Addresses

The following types of addresses need to be defined in SunScreen:

• Host addresses

• Address ranges

• Address groups

SunScreen uses IP addresses to define the network elements that make up the configuration. These addresses are then used in defining the Screen's network interfaces and as the source and destination addresses for filtering rules and NAT.

The IP address can be for a single system, or for a whole network or subnetwork. Additionally, addresses (individual and network) can be grouped to form an address group. SunScreen allows you to define address groups that specifically include or exclude other defined addresses (single IP hosts, ranges, or groups).

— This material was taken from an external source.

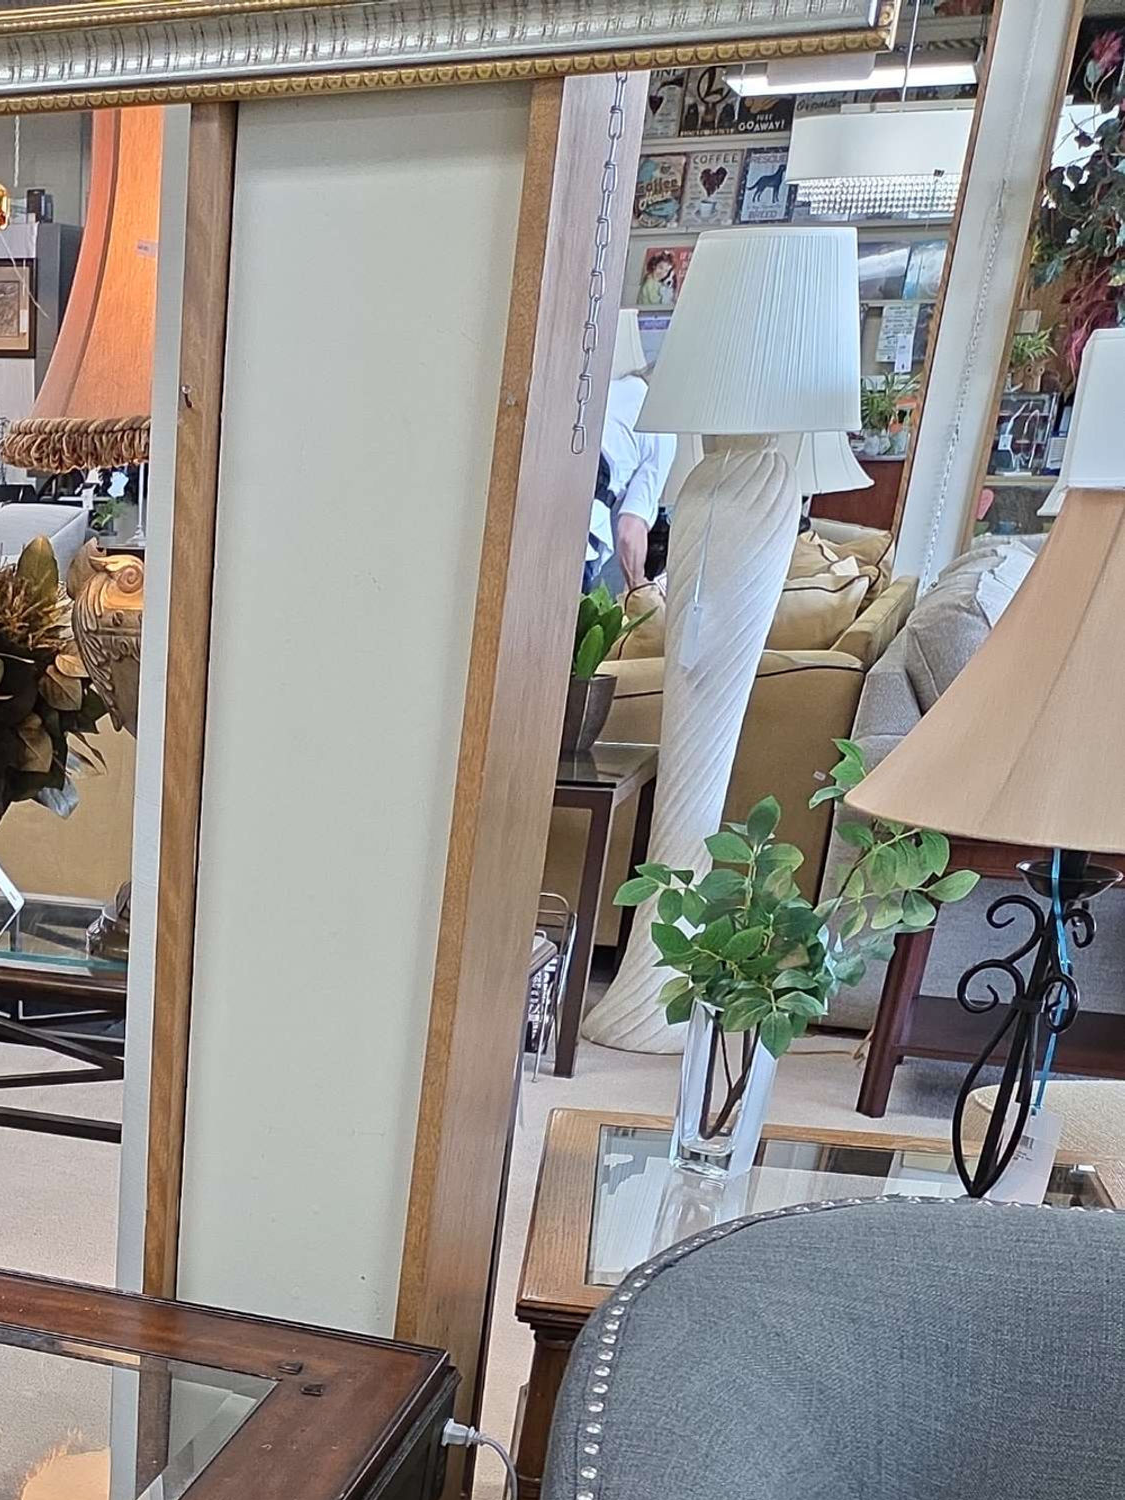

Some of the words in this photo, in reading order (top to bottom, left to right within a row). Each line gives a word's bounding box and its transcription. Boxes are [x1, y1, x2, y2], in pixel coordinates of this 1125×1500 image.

[738, 120, 755, 132] GO
[753, 119, 785, 132] AWAY!
[692, 152, 738, 165] COFFEE

Use the following worksheets to help you organize your IP addresses. Reproduce them as necessary. Group the IP addresses and names for the following network elements:

• A single system, or a whole network or subnetwork

• Addresses (individual and network) grouped to form an address group

Host Addresses

Use the Host Addresses worksheet to list your host addresses. For individual elements, such as the router and individual systems, you need to know the IP address, in standard dotted Internet-address notation (w.x.y.z format), and the name of the host.

Address Ranges

Use the Address Ranges worksheet to list your address ranges. For networks and subnetworks, you need to know the beginning and ending addresses of the network or subnetwork, both in standard dotted Internet-address notation (w.x.y.z format).

Address Group

Use the Address Group worksheet to list your address group. Groups of host addresses, network addresses, and other address groups can be combined to form logical groups of addresses that can then be manipulated as a single element. Groups can be inclusive or exclusive or a combination of both, but cannot be cyclic, as in cases where address group A includes (references) address group B, which in turn includes address group A.